Par ailleurs, le Politique (notamment à travers les textes législatifs) devrait s’arrimer à la Culture en  abolissant l’interdiction de la dot, en intégrant les Chefs traditionnels (chefs de village, chefs de canton) dans la vie politique quotidienne.

 

Au plan économique, nous sommes conscient qu’une vaste entreprise de collecte, de préservation et de diffusion du patrimoine culturel sera considérée comme un investissement peu rentable (car à long terme) dont l’opportunité en temps de crise financière internationale sera peu perceptible. Pourtant, dans l’optique de préparer l’après-pétrole, investir massivement dans la culture serait judicieux, d’autant plus que la culture complète le tourisme et permettrait donc de développer un segment particulier du tourisme : le tourisme culturel. Des pays comme le Maroc, le Kenya, le Sénégal ou l’Egypte tirent des revenus substantiels du tourisme pour avoir su allier héritage culturel et modernité en préservant des sites, des objets culturels et en développant des infrastructures d’accueil (hôtels, motels, résidences, etc) de tous types et pour toutes les bourses.

En outre, nous devrions investir dans des structures d’accueil et de promotion d’événements culturels du type du Centre Culturel Français. Songeons un seul instant que pour rencontrer son public dans un environnement adéquat, un artiste gabonais (peintre, chanteur, sculpteur, danseur…) est contraint, près de cinquante ans après l’indépendance, de se produire dans un espace créé pour promouvoir  d’abord et avant tout la culture française !

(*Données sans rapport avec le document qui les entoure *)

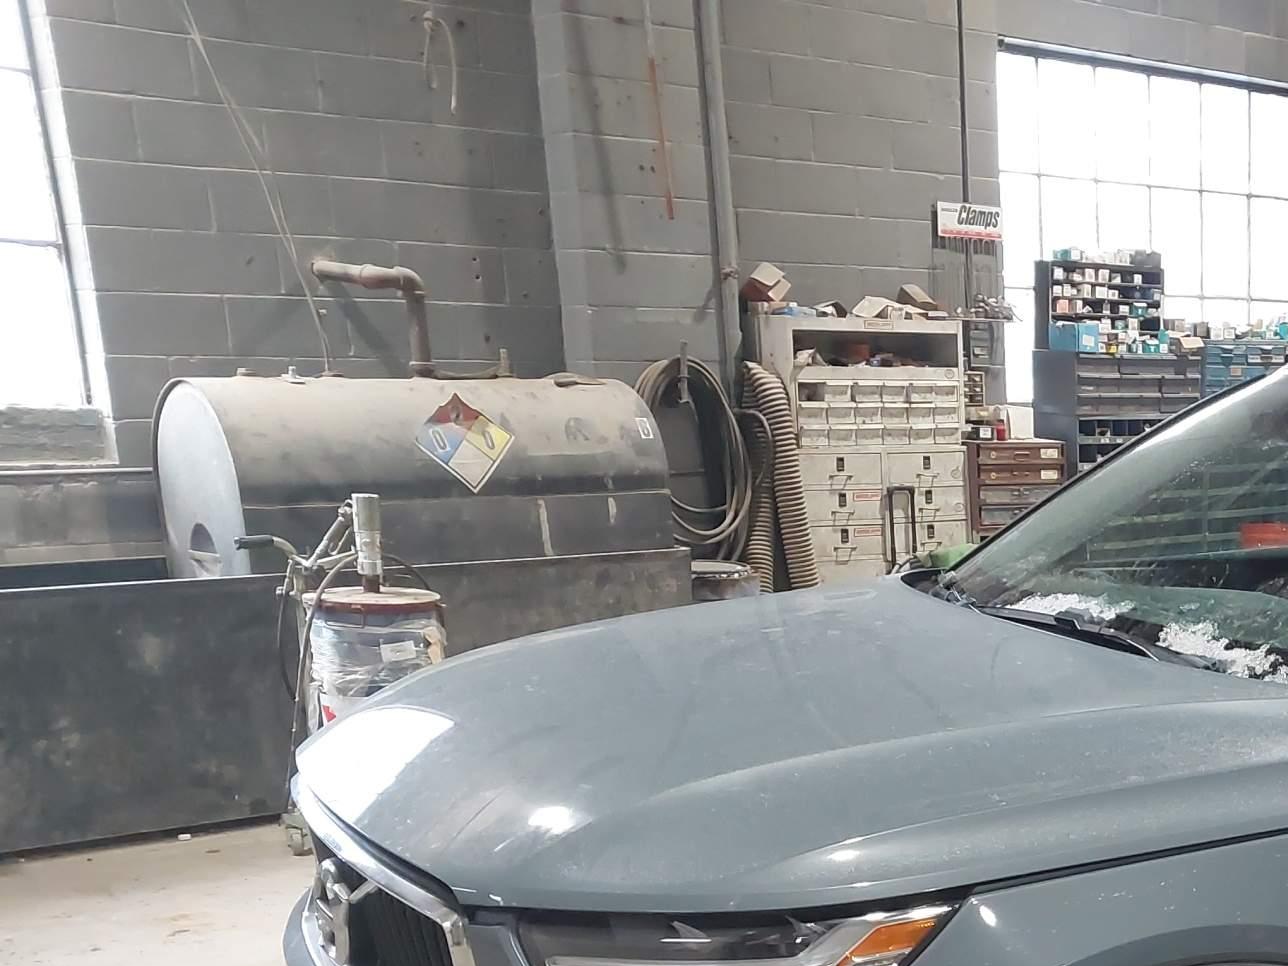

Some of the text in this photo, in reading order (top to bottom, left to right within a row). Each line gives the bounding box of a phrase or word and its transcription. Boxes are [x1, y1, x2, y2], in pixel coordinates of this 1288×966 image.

[957, 204, 1000, 230] Clamps
[429, 427, 448, 452] 0
[481, 430, 496, 450] 0

Enfin,  l’Etat devrait avoir pour souci de récupérer son patrimoine culturel disséminé à l’étranger, dans des musées ou chez des particuliers. Ainsi, lorsqu’il y a des ventes aux enchères, des agents culturels de l’Etat gabonais (Conseillers culturels d’ambassade par exemple) devraient avoir les moyens de récupérer ce patrimoine culturel. Et si les financiers posaient des objections d’ordre budgétaire, on pourrait leur suggérer de puiser dans ce fameux Fonds pour les générations futures, car il s’agirait là réellement d’un investissement rentable à long terme, un véritable placement.

 

Au plan social, nous, éducateurs (parents, enseignants) devons être conscients qu’il n’y aura d’héritage culturel que si chacun de nous se préoccupe d’agir à titre individuel, professionnel voire au niveau de l’Etat.

En tant qu’individus, chacun de nous peut réactiver les anciens rites qui rythmaient la vie de l’homme gabonais (à la naissance, lors de la circoncision-initiation-, lors de la mort).Affirmer notre négritude à travers le port de vêtements africains, la valorisation de nos arts et de notre artisanat…C’est à chacun de nous de valoriser, sur le plan  vestimentaire, le raphia par exemple.

En tant que parents, à nous de transmettre nos langues à nos enfants et de rétablir les liens entre eux et leurs grands-parents au village.

En tant qu’enseignants, nous pouvons modestement travailler à la collecte d’éléments de la Tradition orale. Par exemple, en sixième et en cinquième, le conte gabonais, sa collecte, sa diction en classe, en langue maternelle puis traduit en français sont des activités conformes au programme officiel et qui peuvent avantageusement remplacer la traditionnelle récitation.

 

Sur le plan culturel enfin, un travail important doit être réalisé pour faire évoluer les mentalités et les comportements. Toute culture est dynamique et il serait temps que l'on s'interroge sur ce qu'il y a de positif dans nos us et coutumes et sur ce qu'elles ont de négatif, afin d'adapter nos lois en conséquence en considérant comme textes de référence notre Constitution  et la Déclaration Universelle des Droits de l'Homme de 1948, entre autres textes. Ainsi, l’interdiction légale de la dot devrait être abrogée pour adapter notre législation à nos valeurs culturelles positives. L’Etat est le principal acteur ici, à travers le Communication (les différents médias publics), la Culture évidemment, l’Education et l’Enseignement supérieur.